One of the materials was made in China and costs VND825,000 per 25kg bag.

Invoices can be provided, the shop’s attendant said, adding that the price can be reduced a bit for anyone who buys more than 10 bags.

At another shop nearby, G, an employee, said they could offer all of these materials at lower prices than other businesses.

Ngo Van Co, a lecturer of chemical engineering at the University of Technology, said there are many types of chemicals that can cause fires or explosions when they are mixed.

Co said substances that easily catch fire or are prone to explosions should be stored carefully, and they should be kept separately from each other.

Those who come into contact with materials must comply with safety regulations and should be knowledgeable in how they work.

“Delayed-action bombs”

Also on February 25 Tuoi Tre, visited several residential areas in HCMC and found that many people are not aware of the risks from materials prone to fire or explosion.

Nguyen Van Ha, 38, of Hiep Binh Phuoc Ward in Thu Duc District, told Tuoi Tre that a business that stored, handled and provided liquefied petroleum gas (LPG) illegally had just been shut down.

Previously, local residents lived in fear as this business did not comply with safety regulations, posing a great threat to the area, Ha said.

Relevant agencies should conduct city-wide inspections and force such dangerous establishments to shut down.

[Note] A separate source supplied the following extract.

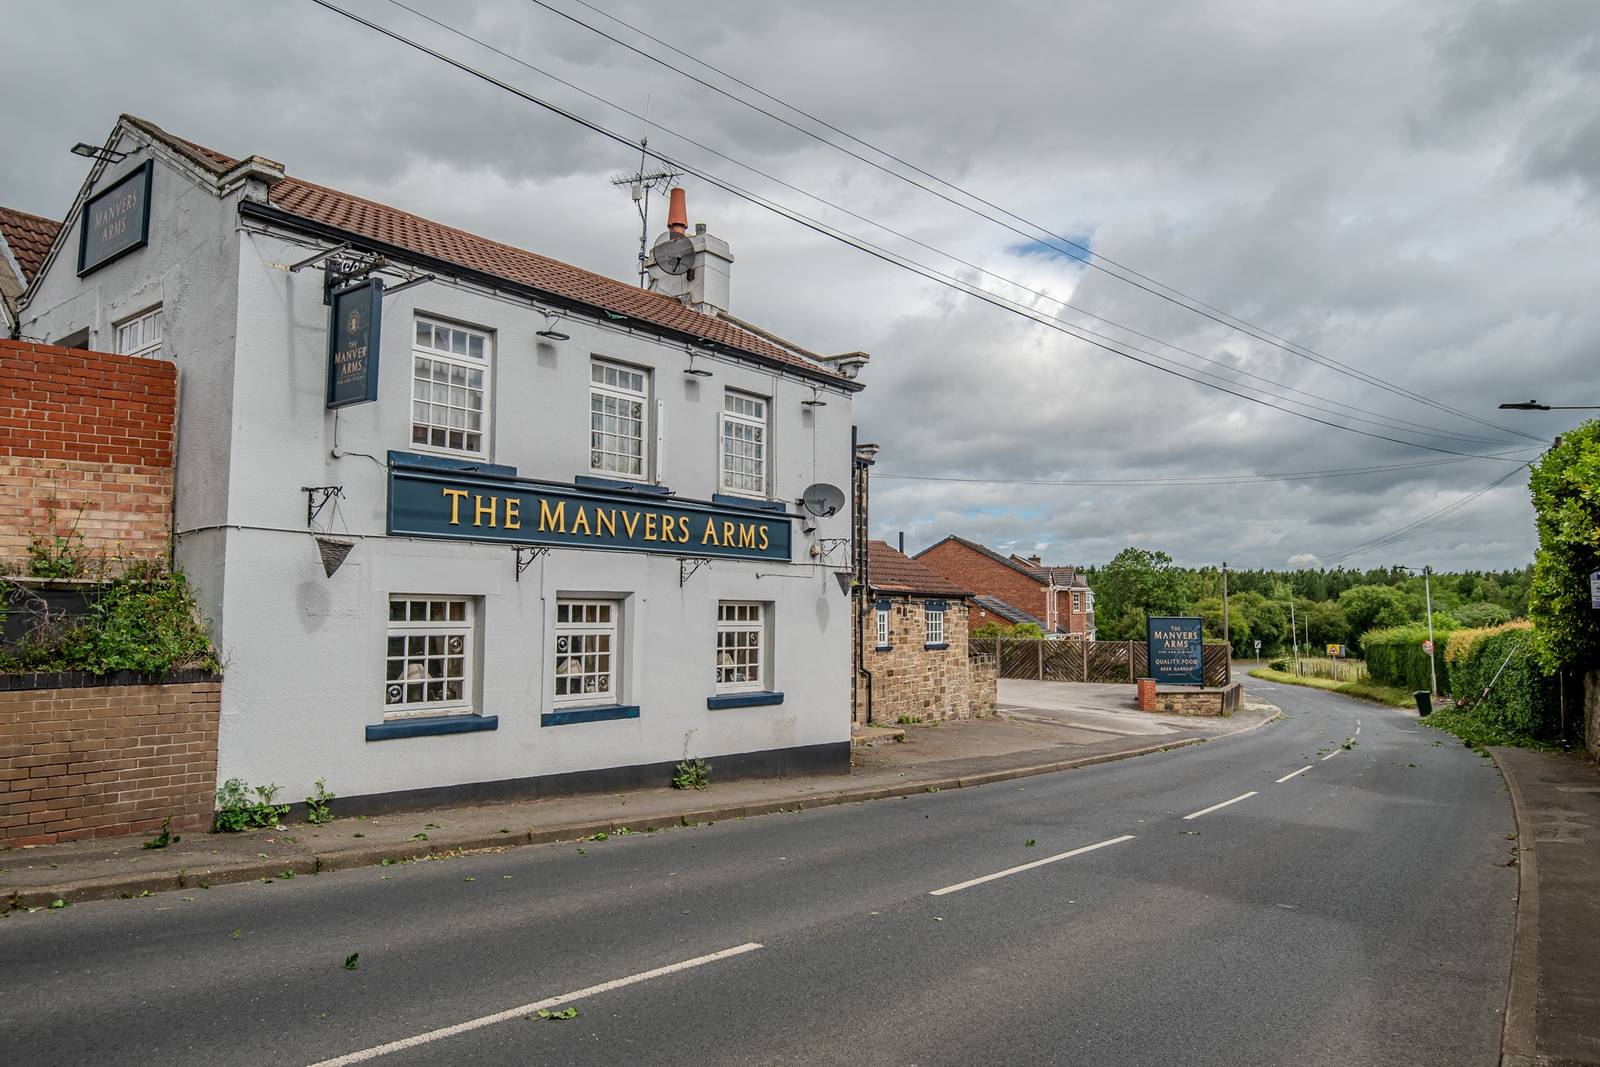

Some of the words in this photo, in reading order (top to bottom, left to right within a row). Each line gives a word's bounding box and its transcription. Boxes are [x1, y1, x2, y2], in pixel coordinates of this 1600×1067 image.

Along Binh Long Street in Tan Phu District, Tuoi Tre found many mechanic shops using acetylene cylinders or air compressors that were covered with rust. Such dangerous devices were used freely in crowded residential areas.

At a business that processes iron and steel, such equipment was used while electrical wires snaked along the floor.

On Tan Ky Tan Quy Street, also in Tan Phu, Tuoi Tre found a barber’s shop surrounded by two motorbike repair shops and a mechanic shop. These shops had many cylinders of compressed oxygen or acetylene to cut or weld metal, all of which were covered in rust.

Reporters later visited a tile shop on Phan Anh Street in District 6 and noticed a burnt odor, which the shop’s attendant said comes from a nearby factory that cuts and handles iron and steel.